Non devo fare come sto/stavo facendo io, che voglio/volevo proteggerlo da tutte le sue possibili CADUTE, diventando per lui come un airbag…che al momento dello scoppio può fare anche tanto male.

Bisogna esserci e non esserci, perché tu non sei la sua gamba o il suo braccio o la sua parola.

Quelle cadute non gliele puoi impedire: lui conosce la sua gamba, tu no!

Non è facile. Perché proteggendolo proteggi anche te stesso, perché sai che di forza te n’è rimasta poca e non ne avresti più per affrontare di nuovo quel calvario.

Un solo “martedì” mi ha portato a questa nuova CONSAPEVOLEZZA, direi che non è poco e per questo io ci sarò se ALICE mi vorrà.

Mio marito non lo so, lui è sempre stato un solitario…ma ora abbiamo bisogno degli altri, non ci possiamo bastare!

Ma se la mia/nostra solitudine si sta attenuando, non è così per la RABBIA. Durante tutti questi quattro mesi e dieci giorni non è il dolore che ti fa arrabbiare, ma la burocrazia cui sei chiamato a far fronte!

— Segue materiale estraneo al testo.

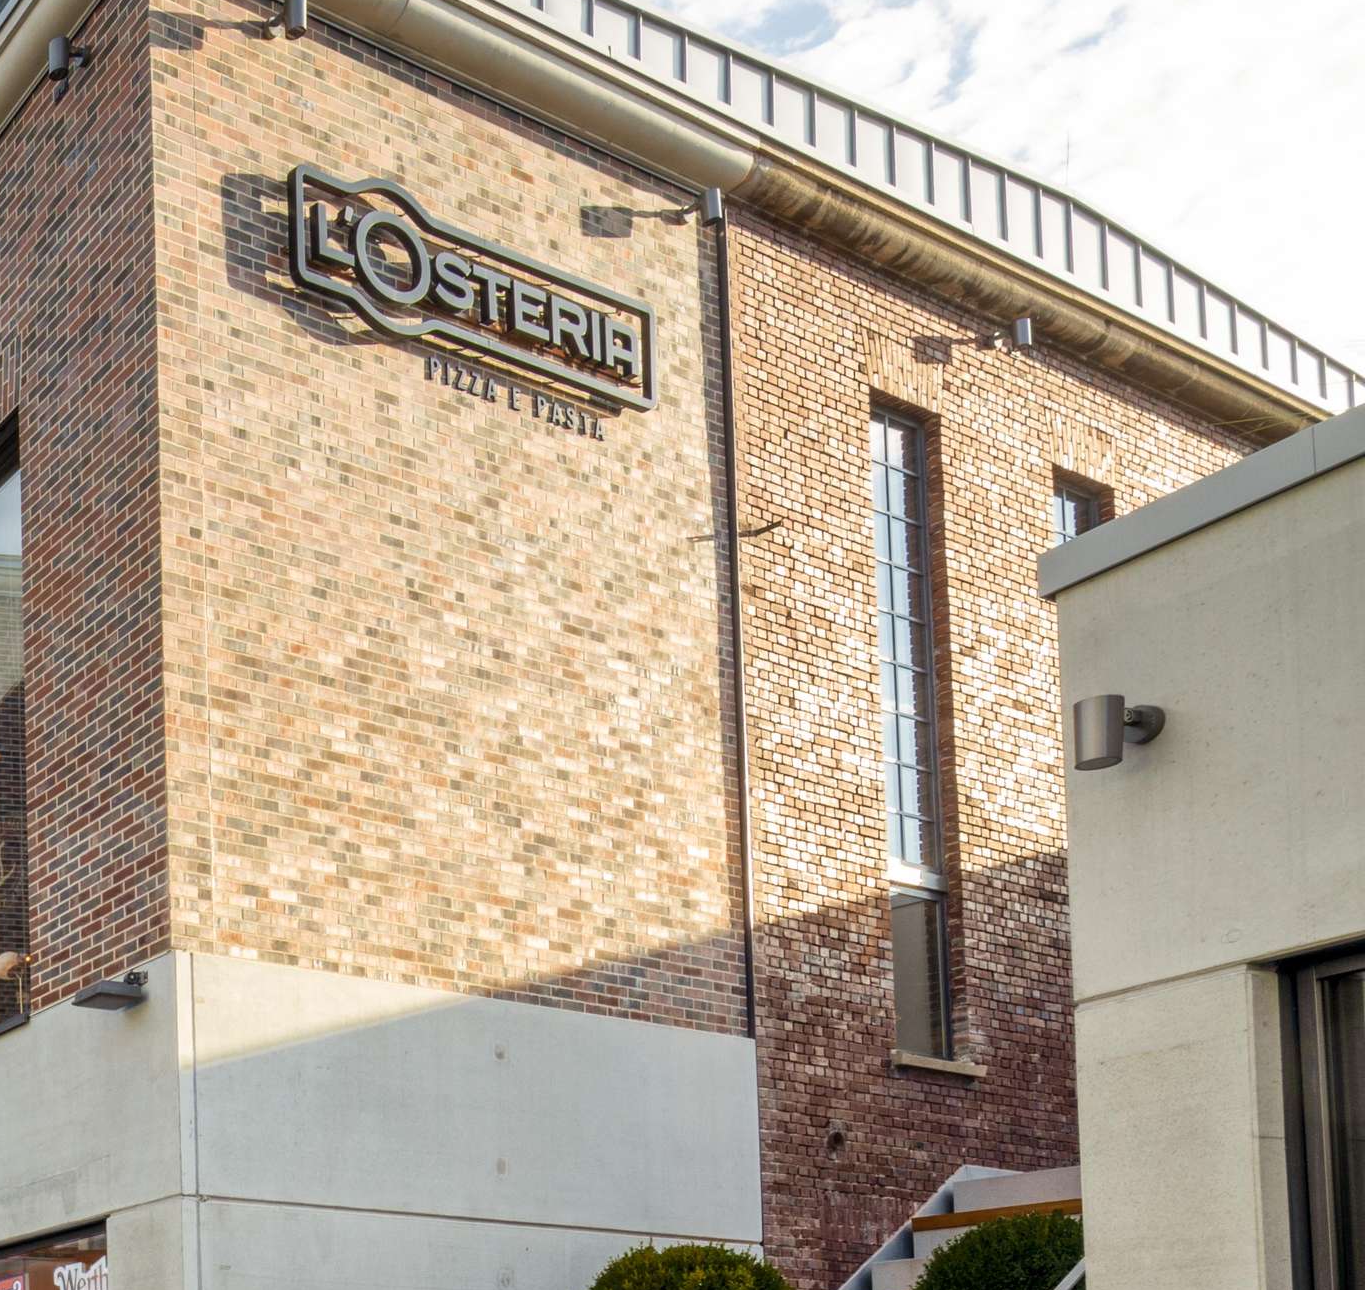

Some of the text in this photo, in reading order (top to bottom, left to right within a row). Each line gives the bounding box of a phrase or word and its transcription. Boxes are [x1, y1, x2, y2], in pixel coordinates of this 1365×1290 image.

[310, 200, 640, 378] L'OSTERIA
[425, 357, 607, 442] PIZZA E PASTA

Devi presentare domande su domande alle quali loro possono rispondere con i loro tempi. E tu, che avresti bisogno della 104? Che devi acquistare tanti ausili? Non hai ancora la documentazione che accerti l’invalidità!

E allora anche la disabilità è un lusso che non tutti si possono permettere.

Mio marito deve fare una visita cardiologica e al CUP mi hanno detto che la prima disponibile è a febbraio 2025.

E allora anche la prevenzione è a pagamento!